Top of Listed entries

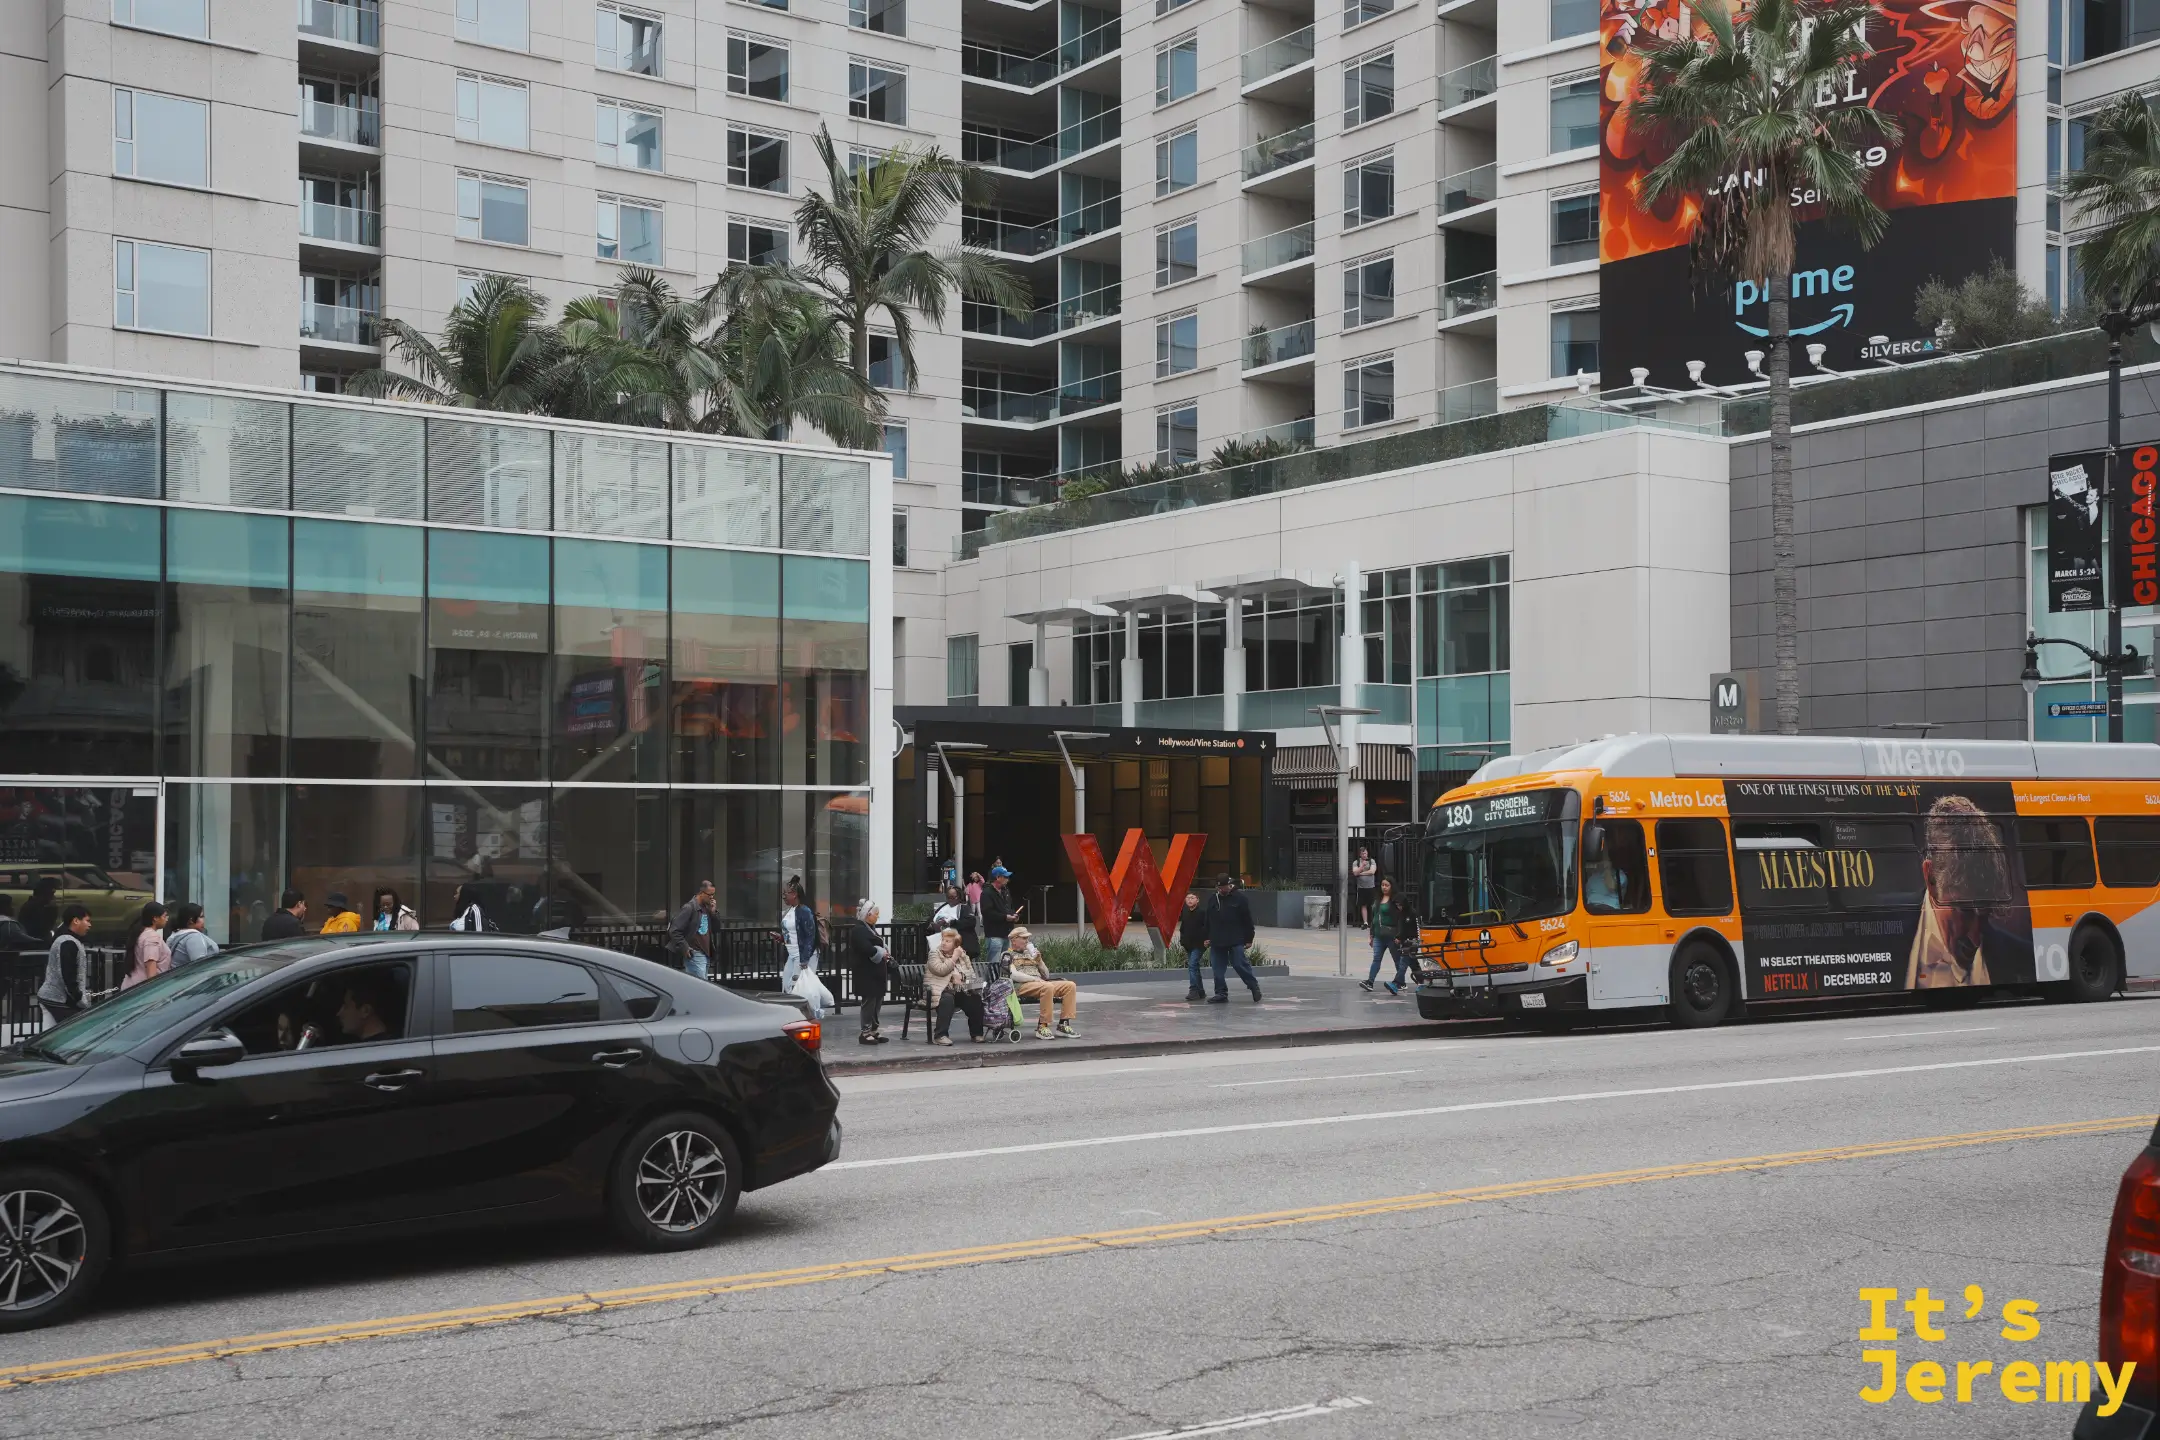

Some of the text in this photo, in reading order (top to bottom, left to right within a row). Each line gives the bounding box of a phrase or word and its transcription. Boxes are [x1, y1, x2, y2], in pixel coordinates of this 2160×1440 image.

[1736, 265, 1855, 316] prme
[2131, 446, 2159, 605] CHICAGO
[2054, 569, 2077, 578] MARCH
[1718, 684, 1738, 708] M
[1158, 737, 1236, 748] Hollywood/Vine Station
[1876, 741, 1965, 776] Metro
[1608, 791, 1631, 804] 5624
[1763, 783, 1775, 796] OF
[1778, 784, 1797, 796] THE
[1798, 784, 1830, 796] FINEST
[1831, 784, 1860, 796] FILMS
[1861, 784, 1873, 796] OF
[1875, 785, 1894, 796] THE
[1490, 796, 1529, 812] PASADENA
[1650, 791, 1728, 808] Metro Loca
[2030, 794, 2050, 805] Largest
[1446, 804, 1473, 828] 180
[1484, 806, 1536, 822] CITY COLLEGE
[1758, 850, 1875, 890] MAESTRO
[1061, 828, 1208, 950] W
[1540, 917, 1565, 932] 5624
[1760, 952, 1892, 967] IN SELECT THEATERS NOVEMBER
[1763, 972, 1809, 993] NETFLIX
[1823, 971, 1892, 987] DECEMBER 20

Bottom of Listed entries

Task description: Return every line above exactly, omitting images.

Result of the exercise:
Some of the text in this photo, in reading order (top to bottom, left to right within a row). Each line gives the bounding box of a phrase or word and its transcription. Boxes are [x1, y1, x2, y2], in pixel coordinates of this 2160×1440 image.

[1736, 265, 1855, 316] prme
[2131, 446, 2159, 605] CHICAGO
[2054, 569, 2077, 578] MARCH
[1718, 684, 1738, 708] M
[1158, 737, 1236, 748] Hollywood/Vine Station
[1876, 741, 1965, 776] Metro
[1608, 791, 1631, 804] 5624
[1763, 783, 1775, 796] OF
[1778, 784, 1797, 796] THE
[1798, 784, 1830, 796] FINEST
[1831, 784, 1860, 796] FILMS
[1861, 784, 1873, 796] OF
[1875, 785, 1894, 796] THE
[1490, 796, 1529, 812] PASADENA
[1650, 791, 1728, 808] Metro Loca
[2030, 794, 2050, 805] Largest
[1446, 804, 1473, 828] 180
[1484, 806, 1536, 822] CITY COLLEGE
[1758, 850, 1875, 890] MAESTRO
[1061, 828, 1208, 950] W
[1540, 917, 1565, 932] 5624
[1760, 952, 1892, 967] IN SELECT THEATERS NOVEMBER
[1763, 972, 1809, 993] NETFLIX
[1823, 971, 1892, 987] DECEMBER 20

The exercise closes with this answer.